Hospital Groups Urge Congress to Reject Plan for Cuts Through Administrative Action
Eight of the country's largest hospital groups are urging congressional leaders to reject the Bush administration's fiscal year 2007 proposals to cut Medicaid by $13.6 billion over five years.
"The President's Medicaid proposals would eliminate many of the Medicaid supplemental payments that allow hospitals to perform vital community services, and would shift health care costs to states who can ill afford to shoulder those burdens," the hospital groups said in a March 6 letter to the House and Senate budget chairmen.
The hospital groups said the Bush administration aims to reduce Medicaid spending administratively, circumventing any congressional input or oversight, according to the letter to Senate Budget Committee Chairman Judd Gregg (R-N.H.) and House Budget Committee Chairman Jim Nussle (R-Iowa).
To achieve the proposed savings, the administration likely would implement the Medicaid administrative savings proposals through the rulemaking process or simply issue guidance to states, making it more difficult for Medicaid stakeholders to comment on possible changes, according to Medicaid representatives.
Among the eight hospital groups sending the letter to the congressional budget leaders are the National Association of Public Hospitals and Health Systems (NAPH), American Hospital Association, and the Federation of American Hospitals.
In the letter, the hospital groups describe the president's administrative Medicaid savings proposals to be "incompatible with Congress' expectation that hospitals make substantial investments in health information technology, expand their role in public health and emergency preparedness, and absorb an increasing number of uninsured patients."
Budget Panel Action
The Senate Budget Committee March 9 approved its budget resolution for fiscal year 2007. The Senate budget did not call for Medicaid cuts.
However, in an effort to reduce entitlement spending, the Senate budget did adopt the administration's budget proposal to put in place an "enforcement tool" to curb entitlement spending when the general revenue funding makes up more than 45 percent of total Medicare outlays, according to an overview of the Senate budget resolution.
In reaction to the Senate panel's March 9 action, another interest group, AARP, commented on another government health program, Medicare. AARP Director of Advocacy David Sloane said that although the Senate Budget Committee rejected the direct Medicare cuts included in President Bush's fiscal year 2007 budget, the committee's resolution includes "a dangerous provision"--the 45 percent threshold--that will "ultimately hold Medicare and other mandatory federal programs hostage to rising health care costs."
The House Budget Committee is not expected to act on its budget resolution until the week of March 27.

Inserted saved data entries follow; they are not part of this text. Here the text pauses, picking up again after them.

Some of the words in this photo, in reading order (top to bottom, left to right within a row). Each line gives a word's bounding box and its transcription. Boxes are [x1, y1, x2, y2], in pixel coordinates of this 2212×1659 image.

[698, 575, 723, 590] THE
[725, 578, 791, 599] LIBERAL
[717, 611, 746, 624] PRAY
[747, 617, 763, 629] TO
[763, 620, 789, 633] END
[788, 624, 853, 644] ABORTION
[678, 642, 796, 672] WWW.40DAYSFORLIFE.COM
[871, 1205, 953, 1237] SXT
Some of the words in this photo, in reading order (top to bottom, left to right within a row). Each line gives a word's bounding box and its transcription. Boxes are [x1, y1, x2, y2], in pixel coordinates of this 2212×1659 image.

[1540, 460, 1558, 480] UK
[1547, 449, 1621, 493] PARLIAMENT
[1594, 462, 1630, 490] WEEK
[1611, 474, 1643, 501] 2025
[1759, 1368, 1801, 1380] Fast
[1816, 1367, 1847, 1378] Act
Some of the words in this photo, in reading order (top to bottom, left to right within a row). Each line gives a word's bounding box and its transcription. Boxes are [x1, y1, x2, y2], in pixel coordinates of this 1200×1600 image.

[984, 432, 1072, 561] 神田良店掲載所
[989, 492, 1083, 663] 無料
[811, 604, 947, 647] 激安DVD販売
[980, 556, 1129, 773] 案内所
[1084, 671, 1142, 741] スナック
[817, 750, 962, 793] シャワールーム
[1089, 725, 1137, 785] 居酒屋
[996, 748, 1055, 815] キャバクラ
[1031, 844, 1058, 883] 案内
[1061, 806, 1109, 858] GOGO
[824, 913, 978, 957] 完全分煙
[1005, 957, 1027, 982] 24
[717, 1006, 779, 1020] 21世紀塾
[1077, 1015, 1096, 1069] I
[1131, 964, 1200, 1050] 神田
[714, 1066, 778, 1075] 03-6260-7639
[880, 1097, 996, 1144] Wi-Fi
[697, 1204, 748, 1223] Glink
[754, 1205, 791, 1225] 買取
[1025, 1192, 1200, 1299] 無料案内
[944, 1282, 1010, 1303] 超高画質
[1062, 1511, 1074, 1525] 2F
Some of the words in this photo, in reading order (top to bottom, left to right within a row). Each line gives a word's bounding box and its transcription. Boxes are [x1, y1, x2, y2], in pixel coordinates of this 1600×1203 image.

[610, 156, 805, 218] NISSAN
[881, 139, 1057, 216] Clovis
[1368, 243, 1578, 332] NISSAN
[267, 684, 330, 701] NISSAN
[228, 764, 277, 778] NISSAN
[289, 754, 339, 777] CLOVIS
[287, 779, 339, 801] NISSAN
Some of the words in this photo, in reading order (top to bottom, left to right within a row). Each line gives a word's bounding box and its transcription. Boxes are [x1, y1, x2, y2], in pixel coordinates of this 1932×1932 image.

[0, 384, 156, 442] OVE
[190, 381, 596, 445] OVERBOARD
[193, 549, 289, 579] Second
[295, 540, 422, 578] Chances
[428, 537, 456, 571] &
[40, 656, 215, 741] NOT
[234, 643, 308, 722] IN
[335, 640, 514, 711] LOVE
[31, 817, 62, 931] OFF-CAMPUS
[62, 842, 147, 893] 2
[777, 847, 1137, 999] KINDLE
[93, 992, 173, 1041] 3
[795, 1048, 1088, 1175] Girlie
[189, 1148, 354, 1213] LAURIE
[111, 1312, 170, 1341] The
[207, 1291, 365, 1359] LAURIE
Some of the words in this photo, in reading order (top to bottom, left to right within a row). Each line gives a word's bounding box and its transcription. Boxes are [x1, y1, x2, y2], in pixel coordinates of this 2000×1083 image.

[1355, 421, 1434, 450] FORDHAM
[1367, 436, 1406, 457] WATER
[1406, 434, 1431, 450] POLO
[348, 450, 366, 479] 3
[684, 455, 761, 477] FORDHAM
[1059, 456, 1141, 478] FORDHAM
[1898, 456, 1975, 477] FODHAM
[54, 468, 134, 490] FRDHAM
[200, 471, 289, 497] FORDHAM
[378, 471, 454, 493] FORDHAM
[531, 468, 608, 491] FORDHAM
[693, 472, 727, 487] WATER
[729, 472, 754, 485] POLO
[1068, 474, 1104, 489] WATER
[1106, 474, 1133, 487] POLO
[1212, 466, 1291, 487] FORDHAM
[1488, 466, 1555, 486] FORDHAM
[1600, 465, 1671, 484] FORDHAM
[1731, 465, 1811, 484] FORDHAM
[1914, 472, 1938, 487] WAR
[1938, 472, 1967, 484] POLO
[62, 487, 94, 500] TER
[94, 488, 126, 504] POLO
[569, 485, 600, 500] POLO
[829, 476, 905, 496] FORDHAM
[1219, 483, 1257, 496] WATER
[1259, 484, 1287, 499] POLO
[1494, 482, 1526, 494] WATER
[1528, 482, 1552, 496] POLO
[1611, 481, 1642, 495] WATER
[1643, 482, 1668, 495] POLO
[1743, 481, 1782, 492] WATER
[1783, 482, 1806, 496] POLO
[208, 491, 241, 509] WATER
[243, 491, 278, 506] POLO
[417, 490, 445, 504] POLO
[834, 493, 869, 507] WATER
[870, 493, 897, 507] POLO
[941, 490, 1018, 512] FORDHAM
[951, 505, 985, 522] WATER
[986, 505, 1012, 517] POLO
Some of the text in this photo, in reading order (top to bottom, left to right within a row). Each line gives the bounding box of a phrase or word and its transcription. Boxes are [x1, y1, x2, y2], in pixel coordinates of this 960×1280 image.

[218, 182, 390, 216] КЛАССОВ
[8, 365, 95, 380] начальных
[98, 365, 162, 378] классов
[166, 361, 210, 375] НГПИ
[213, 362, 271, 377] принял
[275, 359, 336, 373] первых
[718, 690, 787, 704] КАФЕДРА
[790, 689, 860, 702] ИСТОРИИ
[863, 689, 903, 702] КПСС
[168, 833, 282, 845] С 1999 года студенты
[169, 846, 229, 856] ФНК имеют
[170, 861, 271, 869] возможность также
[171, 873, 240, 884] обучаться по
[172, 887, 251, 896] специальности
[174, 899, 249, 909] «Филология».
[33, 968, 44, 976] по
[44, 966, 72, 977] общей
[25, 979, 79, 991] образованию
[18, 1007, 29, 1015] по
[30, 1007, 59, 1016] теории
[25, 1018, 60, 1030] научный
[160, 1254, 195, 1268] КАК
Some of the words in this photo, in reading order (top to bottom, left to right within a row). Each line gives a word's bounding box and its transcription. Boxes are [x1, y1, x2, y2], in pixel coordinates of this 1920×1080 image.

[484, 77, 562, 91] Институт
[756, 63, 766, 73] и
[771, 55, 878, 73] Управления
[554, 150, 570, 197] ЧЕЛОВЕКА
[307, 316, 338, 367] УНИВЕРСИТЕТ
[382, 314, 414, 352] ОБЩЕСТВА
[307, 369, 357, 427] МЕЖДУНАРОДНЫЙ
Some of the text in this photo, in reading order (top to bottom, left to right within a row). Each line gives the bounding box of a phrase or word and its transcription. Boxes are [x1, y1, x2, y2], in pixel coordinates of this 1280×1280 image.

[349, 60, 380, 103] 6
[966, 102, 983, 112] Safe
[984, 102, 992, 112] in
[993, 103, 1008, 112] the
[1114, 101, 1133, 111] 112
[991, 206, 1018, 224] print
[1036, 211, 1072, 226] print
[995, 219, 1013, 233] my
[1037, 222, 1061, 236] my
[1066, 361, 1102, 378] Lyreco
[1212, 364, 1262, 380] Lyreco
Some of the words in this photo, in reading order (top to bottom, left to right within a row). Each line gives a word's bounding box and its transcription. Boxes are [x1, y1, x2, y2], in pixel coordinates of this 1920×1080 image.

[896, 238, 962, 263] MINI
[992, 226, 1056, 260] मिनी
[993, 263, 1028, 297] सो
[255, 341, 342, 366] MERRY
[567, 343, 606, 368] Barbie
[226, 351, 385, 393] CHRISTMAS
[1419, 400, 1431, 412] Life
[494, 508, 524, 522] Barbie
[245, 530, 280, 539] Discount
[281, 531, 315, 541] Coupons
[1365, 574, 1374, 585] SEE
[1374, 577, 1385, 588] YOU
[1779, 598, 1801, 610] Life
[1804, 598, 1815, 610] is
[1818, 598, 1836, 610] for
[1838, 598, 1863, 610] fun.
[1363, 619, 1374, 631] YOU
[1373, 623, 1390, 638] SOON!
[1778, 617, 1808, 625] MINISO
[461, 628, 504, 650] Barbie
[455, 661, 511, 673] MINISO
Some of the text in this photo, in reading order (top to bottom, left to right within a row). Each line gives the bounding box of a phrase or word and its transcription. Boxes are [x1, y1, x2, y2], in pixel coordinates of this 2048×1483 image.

An NAPH representative said Medicaid stakeholders must continue to ward off entitlement cuts, noting that many of the regulatory spending reductions were once floated to Congress by the Bush administration as measures to be adopted through legislative action.
Although the bulk of the president's Medicaid cuts would occur outside Congress, it is important that Medicaid stakeholders work to rally congressional support to help fight off the administrative changes, Lynne Fagnani, vice president of the National Association of Public Hospitals and Health Systems, said.
Hitting Hospitals
Unveiled in the president's FY 2007 budget proposal, the Medicaid regulatory changes would include:
capping payments to government providers to cost and curbing financing practices such as intergovernmental transfers, with the objective of cutting Medicaid expenditures by $3.8 billion over five years; and
decreasing the allowable provider tax rate from 6 percent to 3 percent, cutting federal Medicaid spending by $2.1 billion over five years.
One state government source said the Centers for Medicare & Medicaid Services reportedly is preparing to issue a regulatory proposal on the provider tax decrease in the coming months.
Among the states that could be affected by cutting the provider tax rate from 6 percent to 3 percent are Illinois, California, Florida, New York, Tennessee, Ohio, Pennsylvania, Georgia, and Iowa, according to NAPH.
Currently, states are allowed to levy taxes up to 6 percent on different classes of providers--such as hospitals, nursing homes, or health maintenance organizations--as long as the taxes are broad-based and uniform. States use revenues from such taxes to increase Medicaid provider payment rates, according to an analysis on the president's FY 2007 budget by the House Energy and Commerce Committee Democrats.
Additional proposed Medicaid savings to be achieved via regulations would include reductions and delays in payments to pharmacies, saving the federal government $430 million over five years, according to information prepared by the Democratic staff of the House Energy and Commerce Committee. This pharmacy payment delay would require states to exhaust all other third-party payment sources before paying Medicaid payment claims.
The president's budget also proposes administrative changes that would cut federal payments for school-based administration and transportation services now covered by Medicaid. This move is expected to produce $3.6 billion in savings over five years.
In addition, the president's budget proposes to clarify through regulation which services can be claimed as rehabilitative services, thus reducing federal Medicaid spending by $2.3 billion over five years.